Education Down South



The Tiwi Education Project started when a parent asked us to help with the education of his grand children. He wanted them to learn alongside non-aboriginal kids, he wanted them to be away from the relatives who live in long grass 'humbugging' every day, and he wanted them to be in a Real School where all the subjects are taught, and where you could go on to University

Several of our team had taught the first batch of Tiwi to come south to Monivae College in Hamilton Vic for Education 40 years ago, and felt that a sustained effort might bring results.

These students were Bush Aborigines, who spoke English as a Second Language, they knew little of European Australian society. Some of those first students showed real ability, and later proved it being Chairman of the Tiwi Lands Council, and initiating good community policy. But the program was only maintained for a year or two.

The StVdeP Conference listened and decided to give this project ten years of effort, reasoning that we needed to go on trying beyond the stumbles and problems and persevere until the capable rose to the top.

The StVdeP is the organ to help because they have guys on hand for the pick-ups from Toowoomba, they have contacts and apparatus for fund raising and they can give full tax deductibility for donors. Also because Frederic Ozanam believed that what was required was persistent patient care, not the one-off effort, or budgetary allocation.

We chose Downlands College in Toowoomba because the Missionaries of the Sacred Heart (MSC) established the first Tiwi Island mission in 1911 and because Downlands was commenced in 1935 by MSC as a means of recruiting young men into the priesthood, who could later run the aboriginal missions MSC have all over the Top End of Australia.

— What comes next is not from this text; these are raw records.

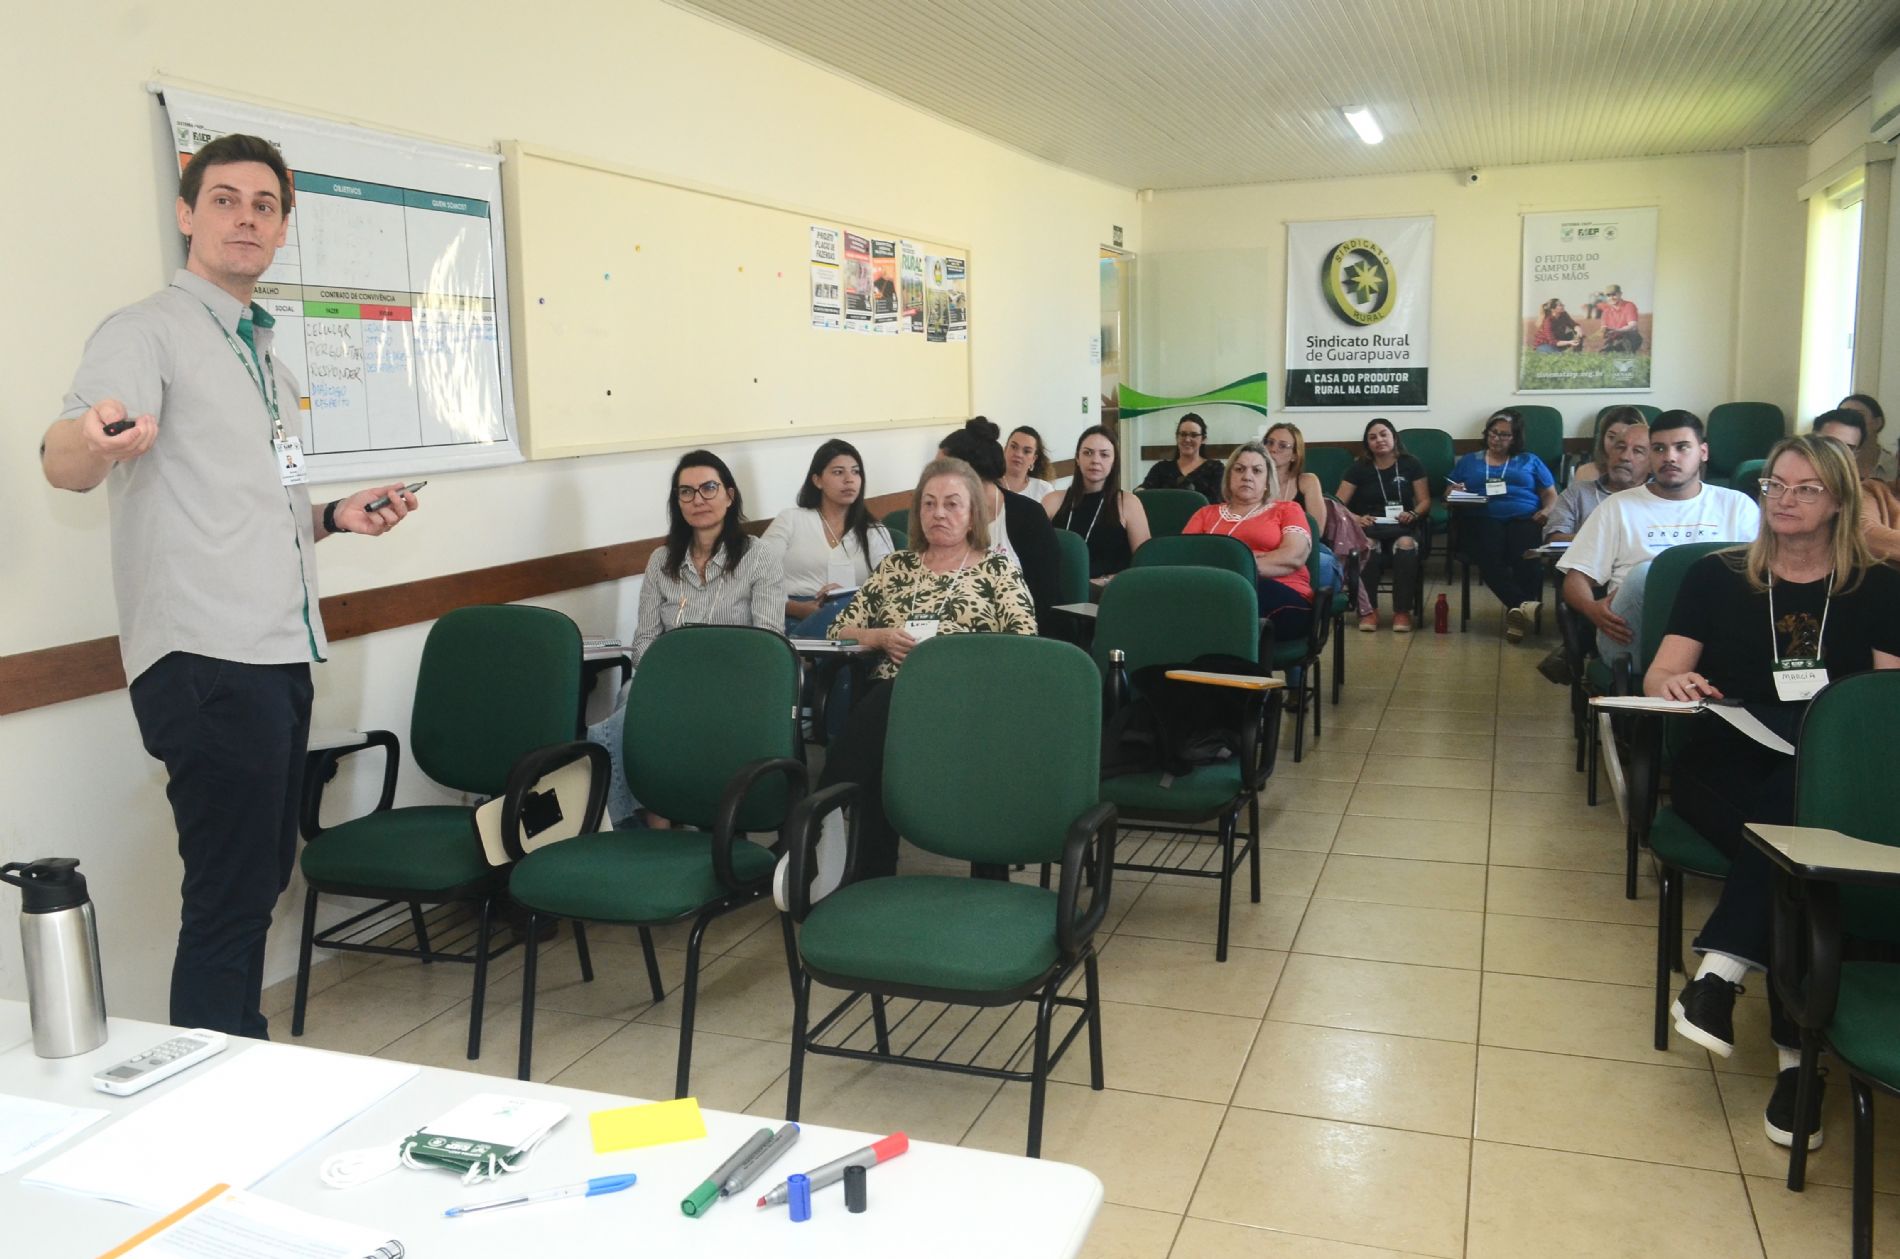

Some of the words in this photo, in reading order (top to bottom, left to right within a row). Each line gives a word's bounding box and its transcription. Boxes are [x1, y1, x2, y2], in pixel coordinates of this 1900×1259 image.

[1335, 239, 1390, 265] SINDICATO
[1535, 255, 1543, 263] O
[1544, 254, 1583, 263] FUTURO
[1586, 253, 1600, 261] DO
[1535, 264, 1569, 273] CAMPO
[1571, 263, 1586, 271] EM
[1534, 273, 1560, 282] SUAS
[1561, 272, 1590, 281] MÃOS
[254, 287, 280, 295] ABALHO
[320, 290, 350, 300] CONTRATO
[350, 292, 358, 300] DE
[358, 292, 396, 302] CONVIVÊNCIA
[1353, 311, 1385, 323] RURAL
[1306, 335, 1369, 348] Sindicato
[1373, 334, 1410, 347] Rural
[1306, 349, 1323, 361] de
[1327, 348, 1410, 363] Guarapuava
[1305, 375, 1312, 383] A
[1314, 374, 1340, 383] CASA
[1342, 373, 1355, 382] DO
[1357, 372, 1409, 382] PRODUTOR
[1314, 385, 1346, 395] RURAL
[1348, 385, 1361, 394] NA
[1364, 384, 1400, 394] CIDADE

Downlands was a good choice because they persevered when the problems came. They had the wisdom not the act but to wait and see and understand first - a prerequisite when dealing with people of another culture.

We realized that it was unfair to only offer this opporotunity to Tiwi people, when other tribal groups deserved the same opportunity. But we figured that a concerted effort in one community would bring success, so that others could do something similar with other groups.

We have had about twenty kids throught he program since we started in 2006. We needed to get it right with one tribal group: *who should come, *how does the community pick the students, *how does the school adapt...

We have had many who did not carry on, but every kid who has been at Downlands has benefited. Now we ask for no less than a two years commitment, we need kids who will go all the way to Tertiary Education, we need educated Tiwi who can hold their own when policy decisions are being made.

I was with a Federal Cambinet minister when Tiwi came back from an ATSIC meeting. I grabbed the bundle of files, and asked the Minister how he would cope with this information.

He said; "I never look at anything unless it is in the Cabinet Submission Form - this stuff is a snow job, bureaucracy setting out to confuse, Yes Minister fashion!"

We expect our first kid to get through Year 12 in 2011 and we expect others to follow in her wake.

If we can get a steady stream trained professionally, then Tiwi can have a real impact on decisions that effect them.

At present they feel like a Tourist Attraction without opportunity for improvement and they know that all over the world attraction to Alcohol/Drug/Trouble comes with being by passed, irrelevant and quaint.